── Given information ──

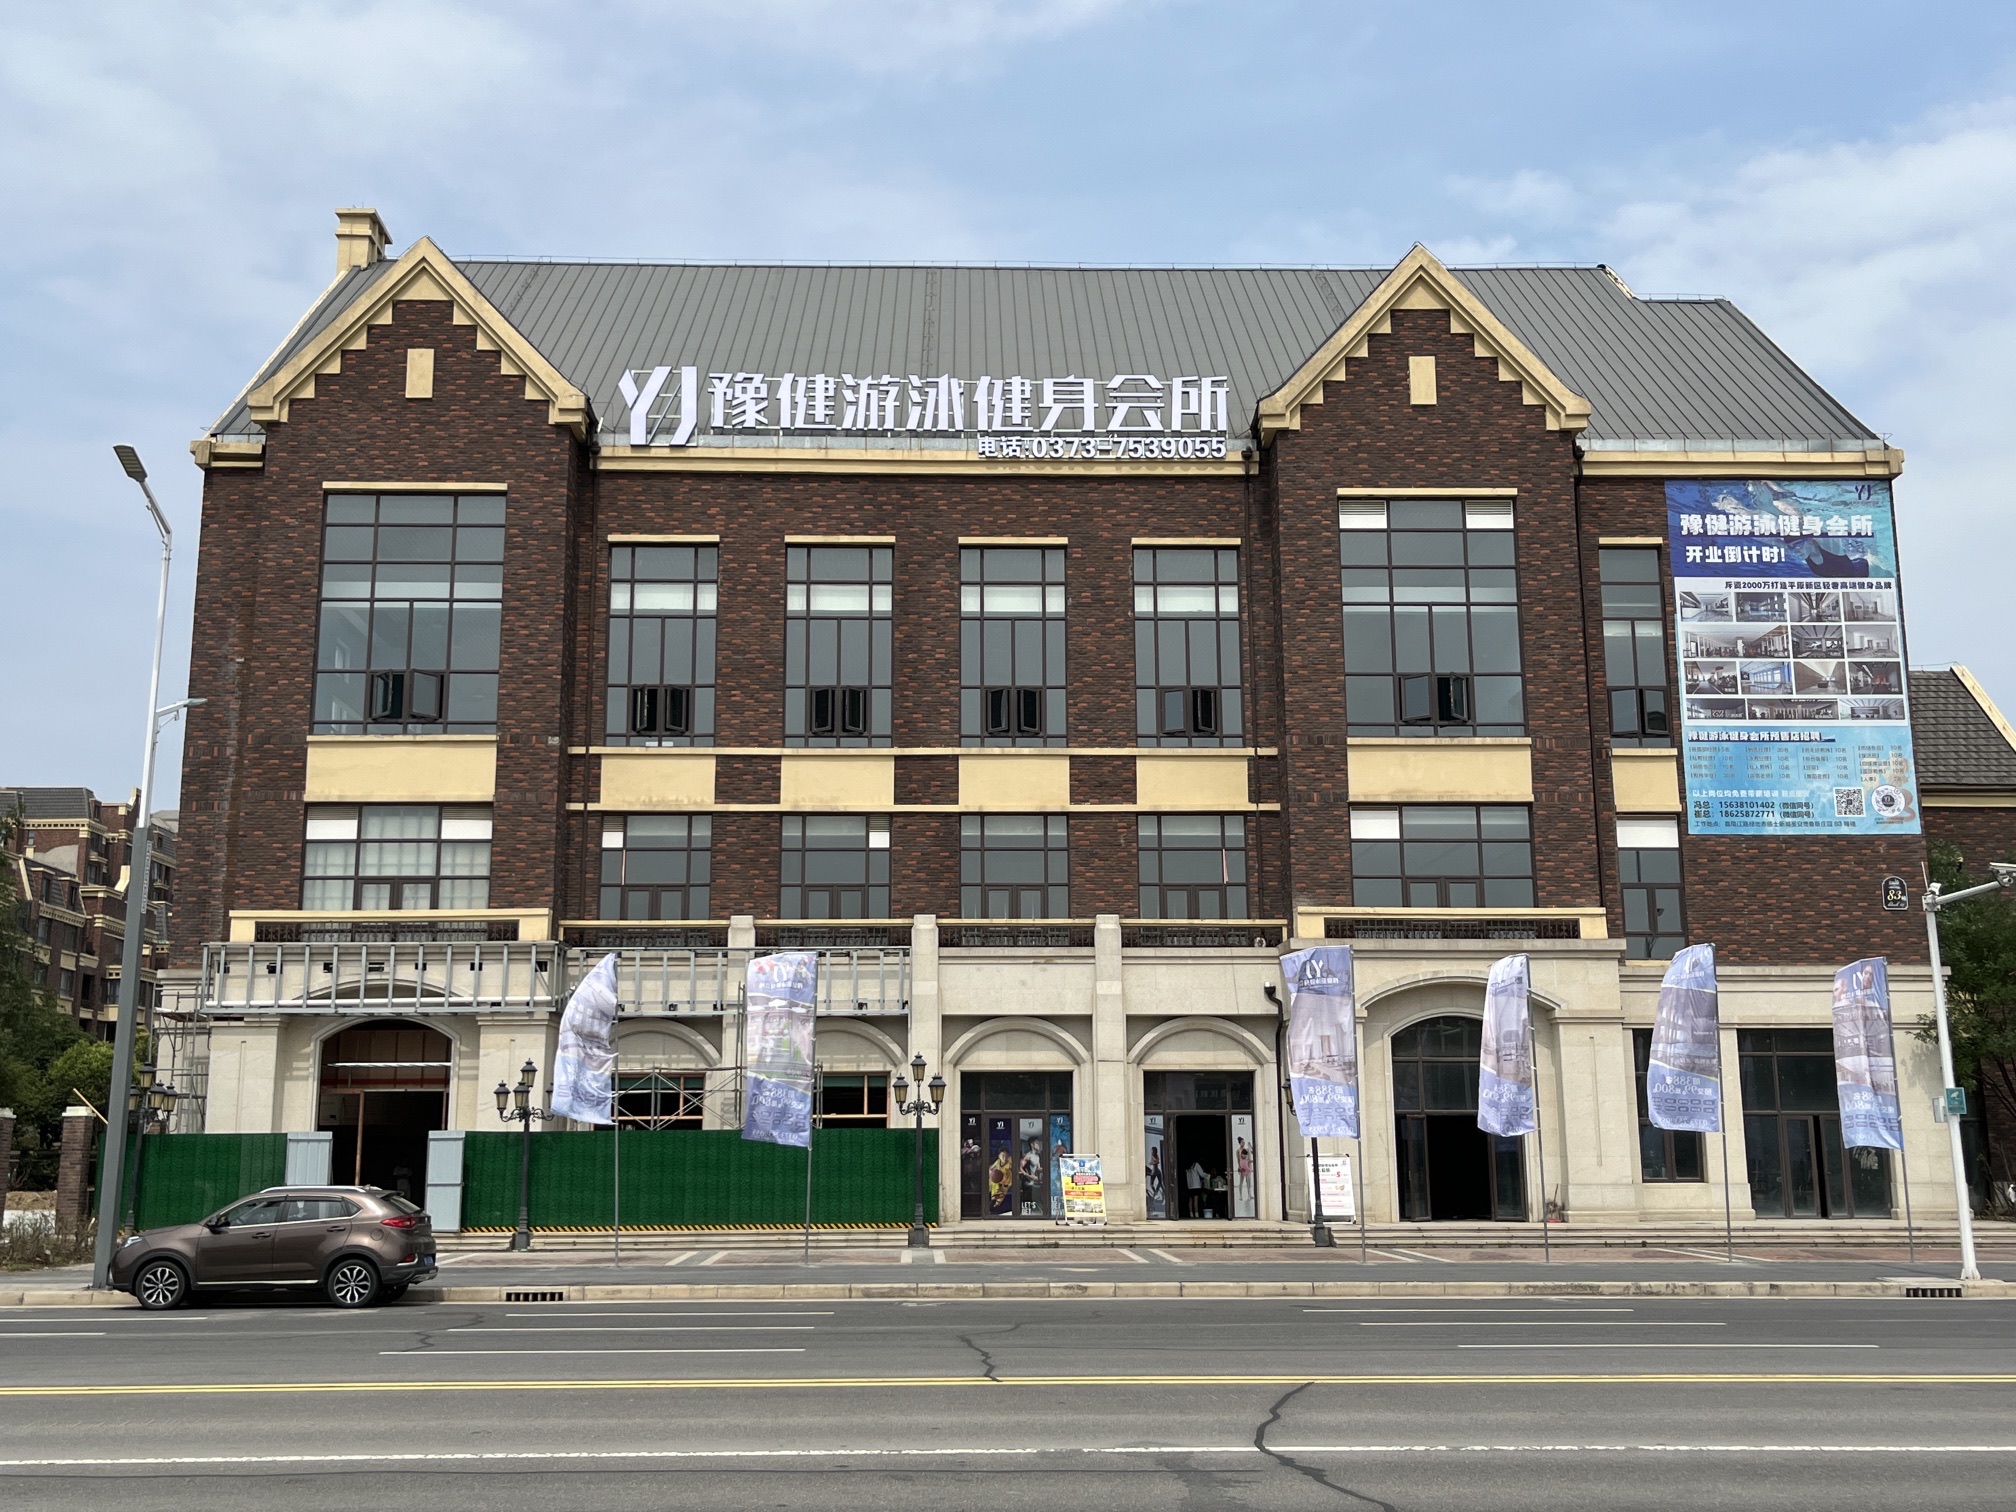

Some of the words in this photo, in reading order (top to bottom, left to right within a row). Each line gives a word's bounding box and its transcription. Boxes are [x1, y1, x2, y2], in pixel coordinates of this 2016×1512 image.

[706, 371, 1230, 432] 豫健游泳健身会所
[1680, 513, 1873, 537] 豫健游泳健身会所
[1685, 545, 1786, 563] 开业倒计时!
[1718, 801, 1775, 809] 15638101402
[1719, 810, 1776, 818] 18625872771
[1887, 889, 1902, 901] 83

───

Give every entry back unchanged, with no pictures.

Some of the words in this photo, in reading order (top to bottom, left to right within a row). Each line gives a word's bounding box and its transcription. Boxes are [x1, y1, x2, y2], in pixel coordinates of this 2016×1512 image.

[706, 371, 1230, 432] 豫健游泳健身会所
[1680, 513, 1873, 537] 豫健游泳健身会所
[1685, 545, 1786, 563] 开业倒计时!
[1718, 801, 1775, 809] 15638101402
[1719, 810, 1776, 818] 18625872771
[1887, 889, 1902, 901] 83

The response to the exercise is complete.